Formosan subterranean termites can enter any area of wood that comes into touch with the earth. However, they occasionally create colonies that are not attached to the ground, known as aerial colonies.
How to Get Rid of Formosan Subterranean Termites
Avoiding water ponding close to the home’s foundation is the greatest technique to control subterranean termites. You may stop these termite entrances by diverting water with properly functioning gutters. Keep mulch 15 inches away from home and store firewood at least 20 feet away from it. To prevent subterranean termite swarms from being attracted indoors, homeowners must properly ventilate their basements and attics to eliminate dampness.
2. Southeastern Drywood Termites
Drywood termites don’t burrow into your house from the ground like Formosan termites. Instead, they build their nests inside the dry wood pieces that make up your house’s foundation, walls, and roof. Drywood termite colonies typically have a few thousand members, and they can invade and eat healthy wood inside of your structures in addition to being drawn to the rotting wood around your home. Between early spring and late fall, these termites swarm in Texas.
Southeastern drywood termites resemble other drywood termite species in appearance. Thus, these termites are best identified by the damage they cause to wood by chewing against its grain rather than with it. Drywood termites create oval-shaped, six-sided fecal pellets propelled via kick-out holes in the afflicted wood.
Drywood termites have wings roughly 7/16 inches in length, bright yellow to black, and clear to smoky gray.

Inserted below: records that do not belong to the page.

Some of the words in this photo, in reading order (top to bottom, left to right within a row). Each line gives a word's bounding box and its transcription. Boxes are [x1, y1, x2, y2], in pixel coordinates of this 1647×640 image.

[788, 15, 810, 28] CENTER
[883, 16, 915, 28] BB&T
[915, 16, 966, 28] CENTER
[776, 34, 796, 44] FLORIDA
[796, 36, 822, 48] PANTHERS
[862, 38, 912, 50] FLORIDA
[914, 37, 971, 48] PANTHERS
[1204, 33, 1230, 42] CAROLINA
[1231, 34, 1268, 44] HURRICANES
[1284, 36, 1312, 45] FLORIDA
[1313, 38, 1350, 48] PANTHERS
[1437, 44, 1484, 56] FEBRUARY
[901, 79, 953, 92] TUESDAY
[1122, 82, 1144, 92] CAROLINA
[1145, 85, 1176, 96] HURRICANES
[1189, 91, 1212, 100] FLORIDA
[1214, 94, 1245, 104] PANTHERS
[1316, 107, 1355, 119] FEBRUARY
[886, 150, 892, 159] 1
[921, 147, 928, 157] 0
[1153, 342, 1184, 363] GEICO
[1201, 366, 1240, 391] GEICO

Soldier termites are similar to workers but have larger rectangular darker heads with well-developed jaws used to protect the colony. They are up to 3/8 inch long, wingless, white to grayish, and have white to yellowish-brown heads.
Drywood termites are named after their habitat. These species consume drywood or wood that has not been weakened by water. The wood that drywood termites consume also serves as their nest. Male and female drywood termites partner up to pick the wood they want to build their colony in.

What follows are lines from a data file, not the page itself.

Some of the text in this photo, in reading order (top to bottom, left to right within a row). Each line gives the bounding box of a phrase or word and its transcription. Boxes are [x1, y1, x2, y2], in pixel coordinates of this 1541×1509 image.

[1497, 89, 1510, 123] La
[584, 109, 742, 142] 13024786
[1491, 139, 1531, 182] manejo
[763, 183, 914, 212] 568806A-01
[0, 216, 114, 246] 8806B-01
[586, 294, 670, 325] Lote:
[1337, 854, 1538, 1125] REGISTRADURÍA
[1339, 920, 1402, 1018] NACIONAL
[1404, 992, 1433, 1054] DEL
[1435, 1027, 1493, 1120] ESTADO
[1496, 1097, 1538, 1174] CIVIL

Termites can be found throughout the coastal areas of Texas, with western spot infestations occurring in Uvalde, San Antonio, and Collin County to the north. When these infestations are identified, residents become quite concerned.
Drywood termites are enigmatic creatures. As they reside deep inside the wood buildings, they are only occasionally noticed when repairs are being made to afflicted homes. They are frequently referred to as swarmers since the adults have wings for flight, and are easily identified by their feces.

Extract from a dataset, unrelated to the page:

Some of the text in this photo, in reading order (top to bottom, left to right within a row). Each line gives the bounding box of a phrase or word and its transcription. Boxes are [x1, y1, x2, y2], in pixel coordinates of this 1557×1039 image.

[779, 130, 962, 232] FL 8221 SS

Drywood non-subterranean termites can be identified by their excreta pellets or frass. Only the ends of these hard pellets are spherical; the sides have six unique concave surfaces.
These termites need whole new techniques of management because they can do just as much harm as their subterranean counterparts. They eat doorframes, cabinets, and other wooden objects. Over time, these residential constructions may become weak and unstable due to the feeding, and may even collapse.
Drywood termites could attack any wood product. Buildings’ structural timbers and carpentry, as well as furniture and other wood items, are all susceptible to damage. While these termites can cause significant harm to structures and other wood products in some parts of the United States, they are typically less dangerous than subterranean termites because they are less common. A typical drywood termite colony only has about 10,000 termites, compared to a typical subterranean termite colony’s capacity of over 500,000.
Nevertheless, termites are medically harmless to humans.
How to Get Rid of Southeastern Drywood Termites
Installing cellulose baits around your property will draw termites, who will then be given poison to bring back to the rest of the colony, where they will be eliminated one by one. Termites on your property can be tracked and treated with bait stations, preventing them from getting inside your house.